Problem to work on:
Exact copy, no pictures: reproduce every record below as it stands.

Source data:
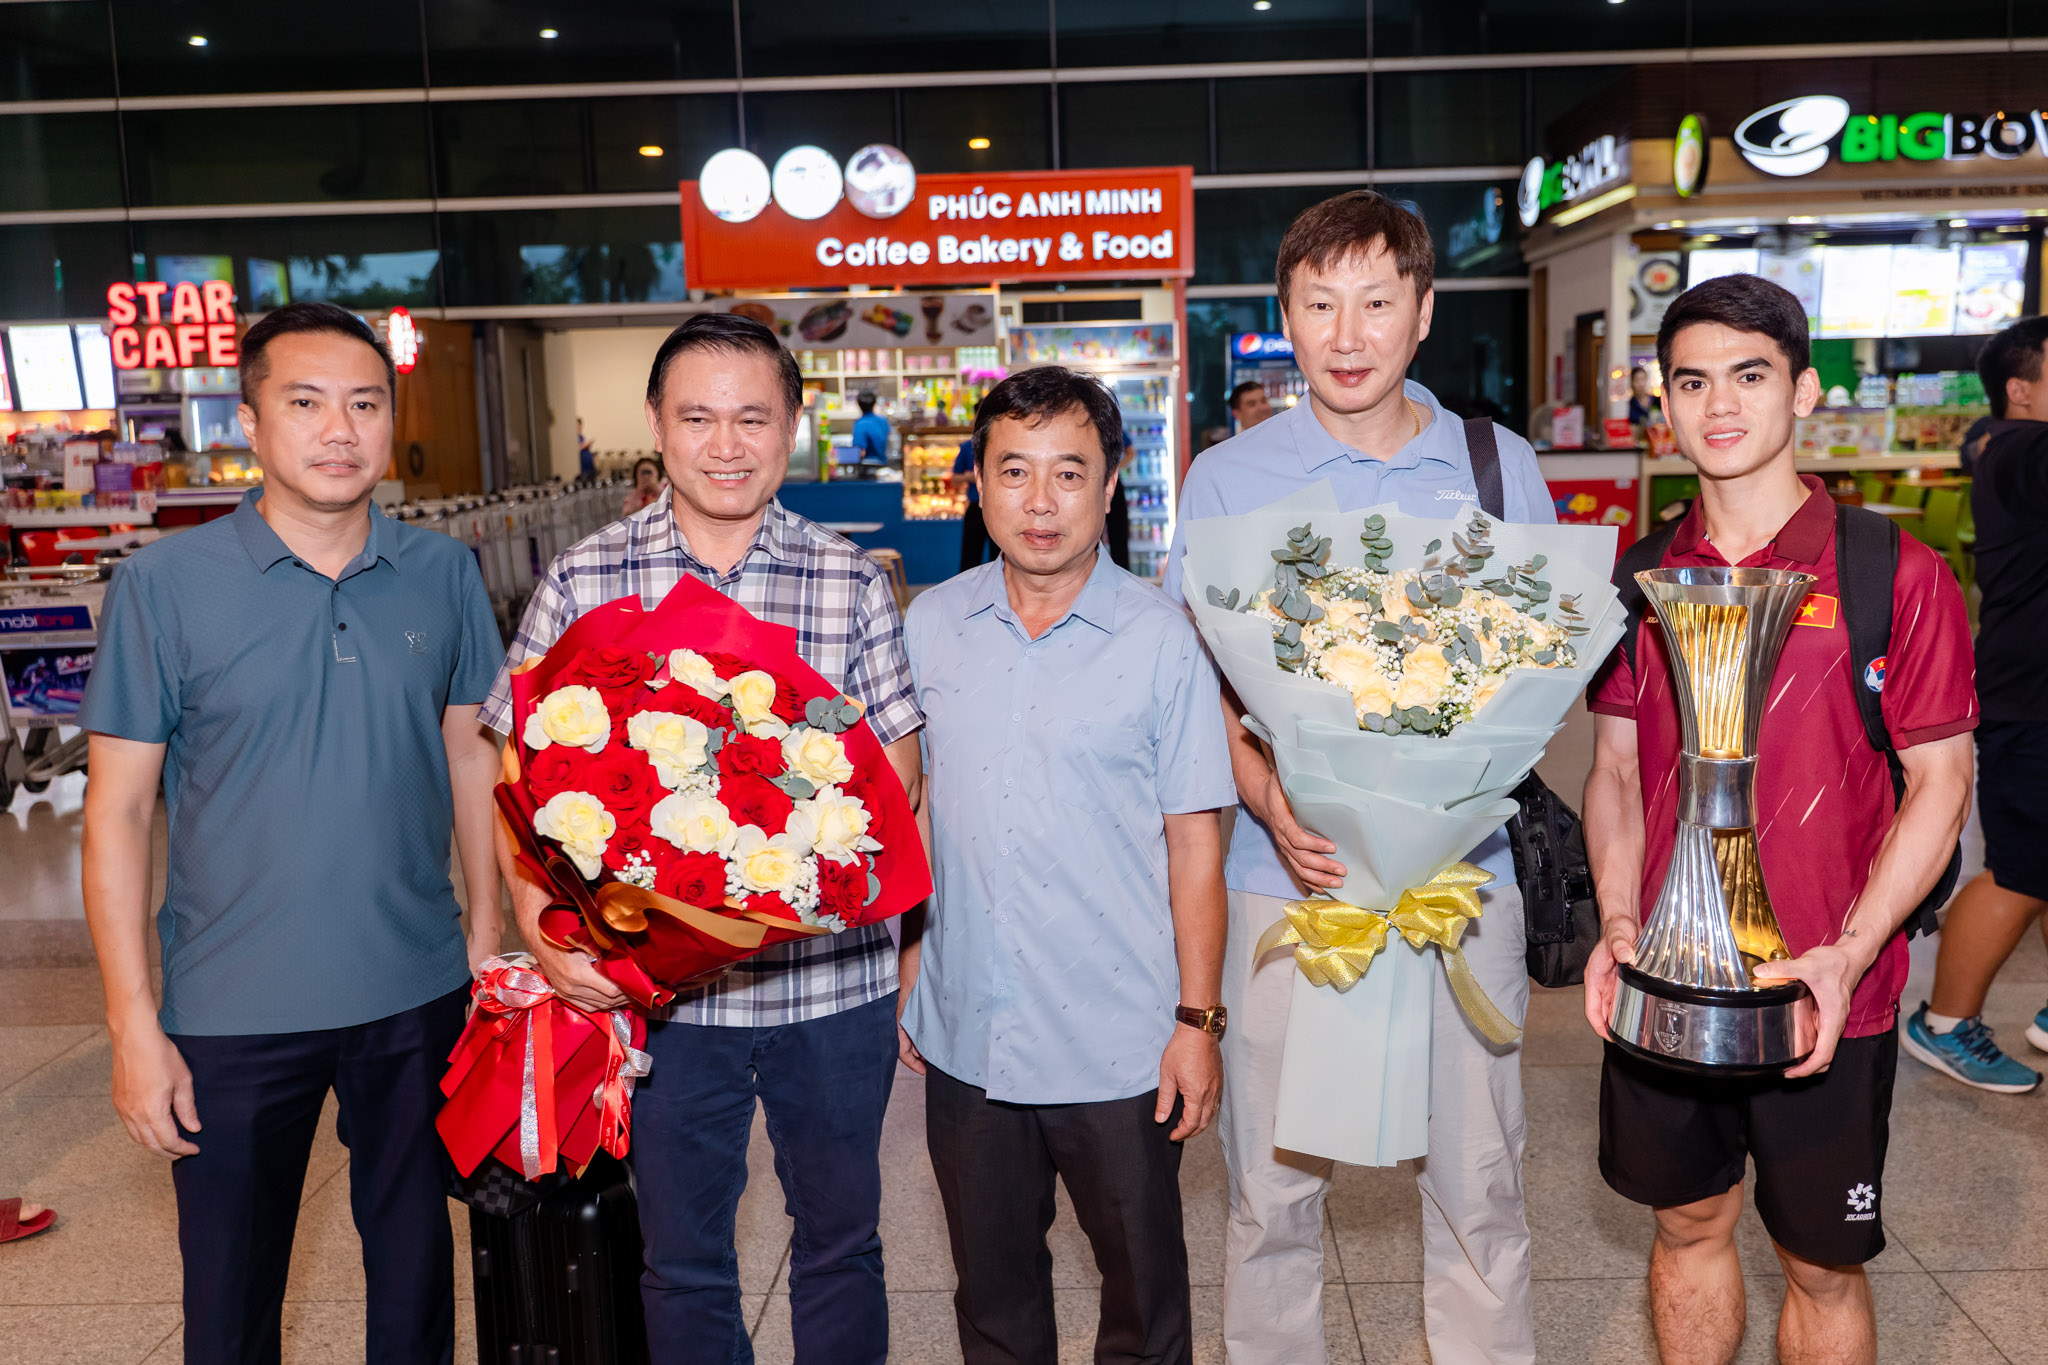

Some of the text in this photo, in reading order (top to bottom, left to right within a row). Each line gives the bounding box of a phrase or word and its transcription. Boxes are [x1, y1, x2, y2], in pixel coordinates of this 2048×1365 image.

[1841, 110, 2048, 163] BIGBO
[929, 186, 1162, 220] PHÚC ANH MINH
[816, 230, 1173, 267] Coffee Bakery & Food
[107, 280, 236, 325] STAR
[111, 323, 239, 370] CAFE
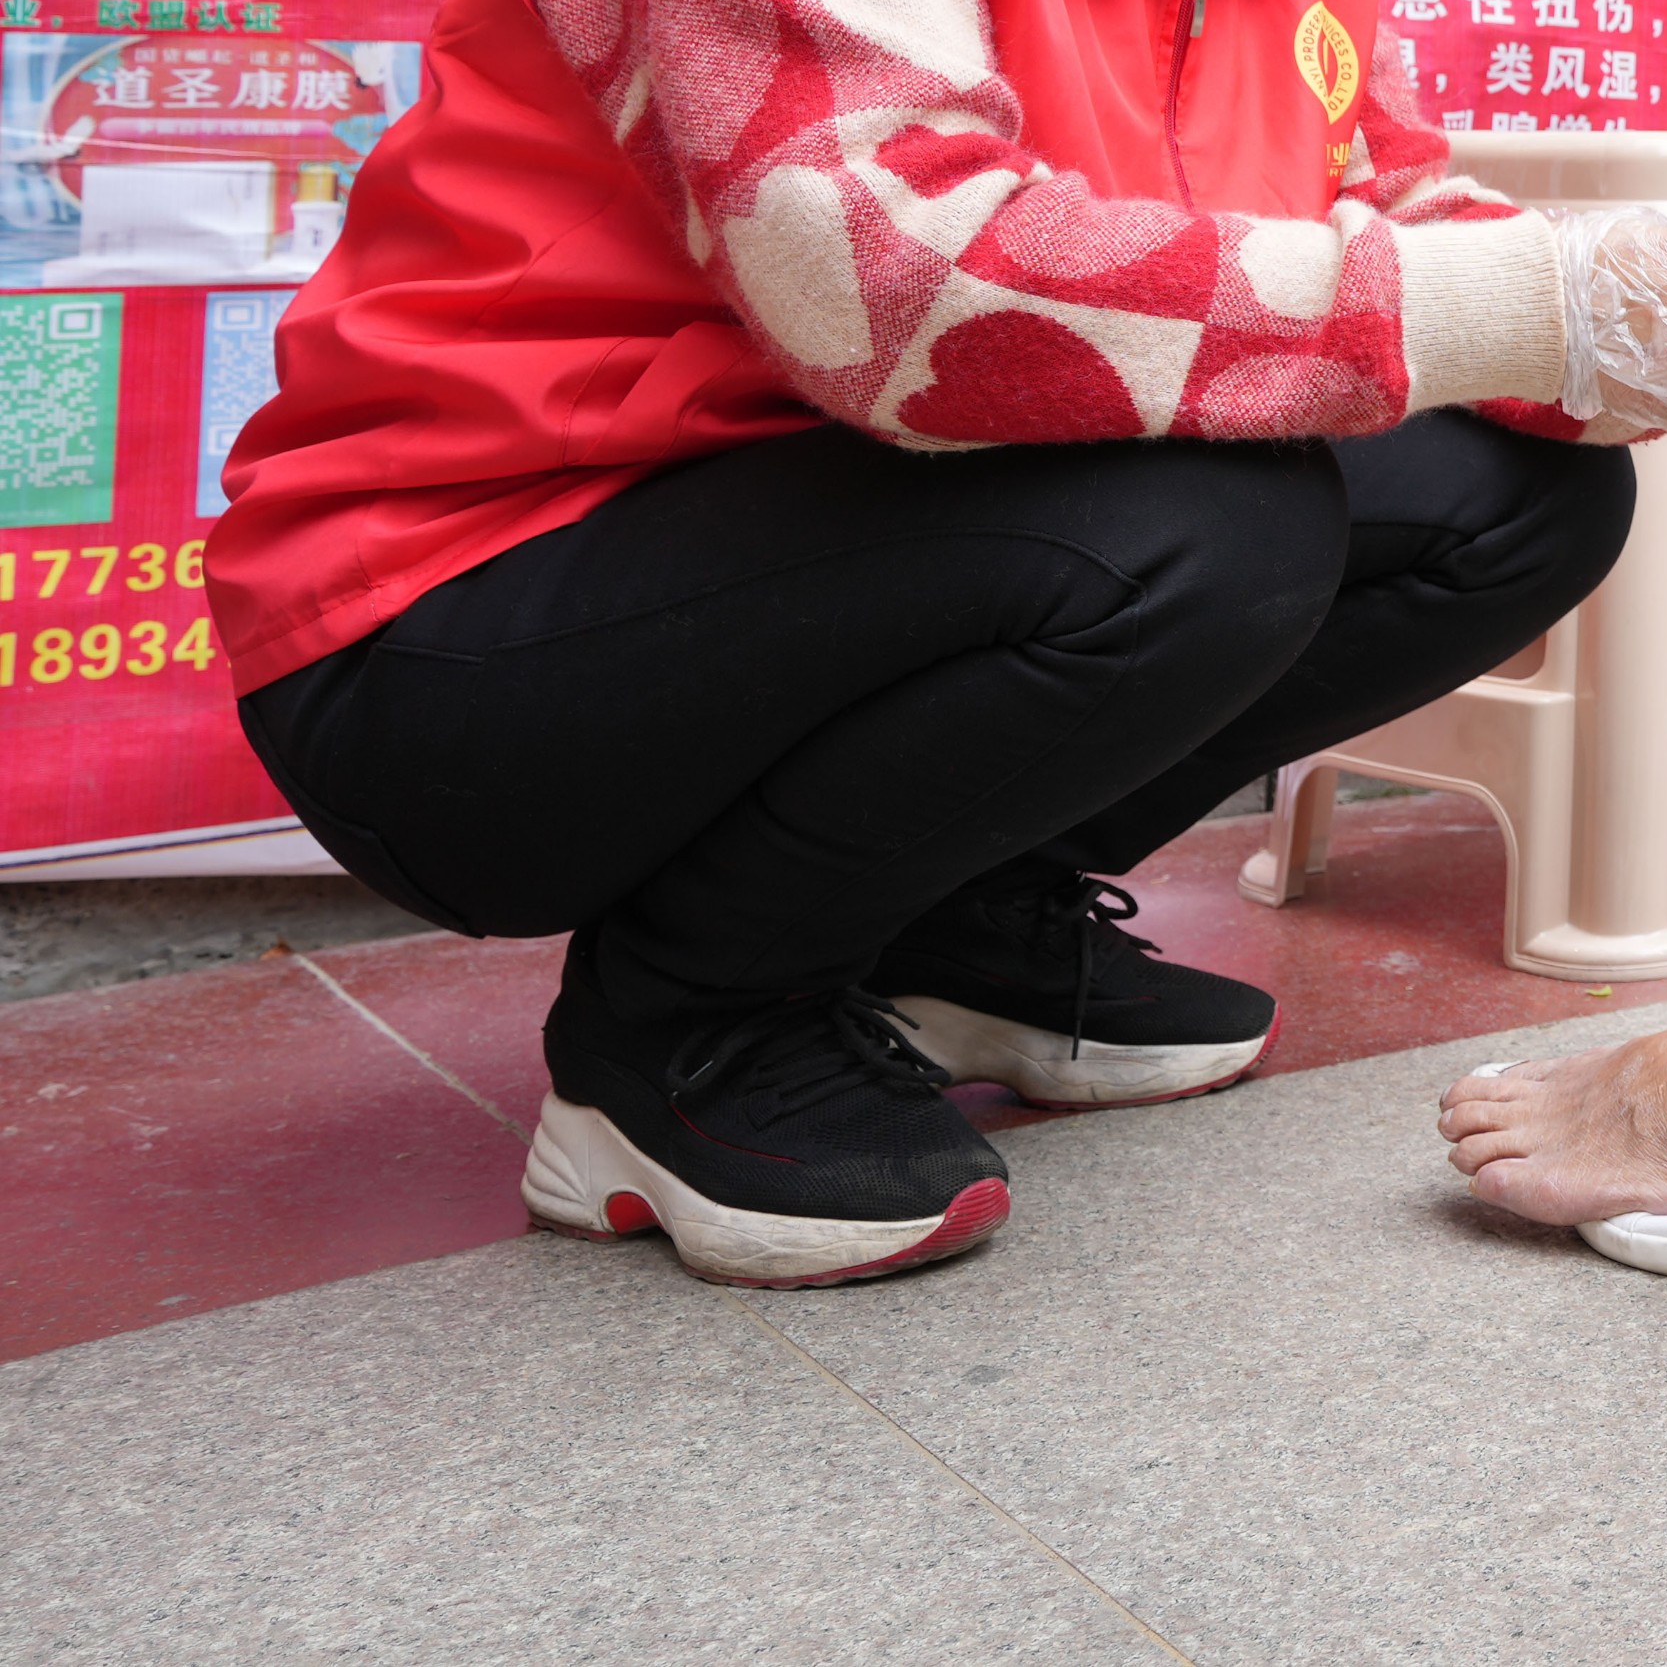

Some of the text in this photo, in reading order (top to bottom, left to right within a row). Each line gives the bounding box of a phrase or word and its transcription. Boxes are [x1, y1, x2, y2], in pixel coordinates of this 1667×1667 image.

Solution to this problem:
Some of the text in this photo, in reading order (top to bottom, left to right within a row). Each line gives the bounding box of a phrase or word and its transcription. Boxes are [x1, y1, x2, y2], in pixel coordinates of this 2048×1365 image.

[1841, 110, 2048, 163] BIGBO
[929, 186, 1162, 220] PHÚC ANH MINH
[816, 230, 1173, 267] Coffee Bakery & Food
[107, 280, 236, 325] STAR
[111, 323, 239, 370] CAFE

Some of the text in this photo, in reading order (top to bottom, left to right within a row). Each line gives the bounding box of a phrase or word and its transcription. Boxes are [x1, y1, x2, y2], in pixel coordinates of this 1667×1667 image.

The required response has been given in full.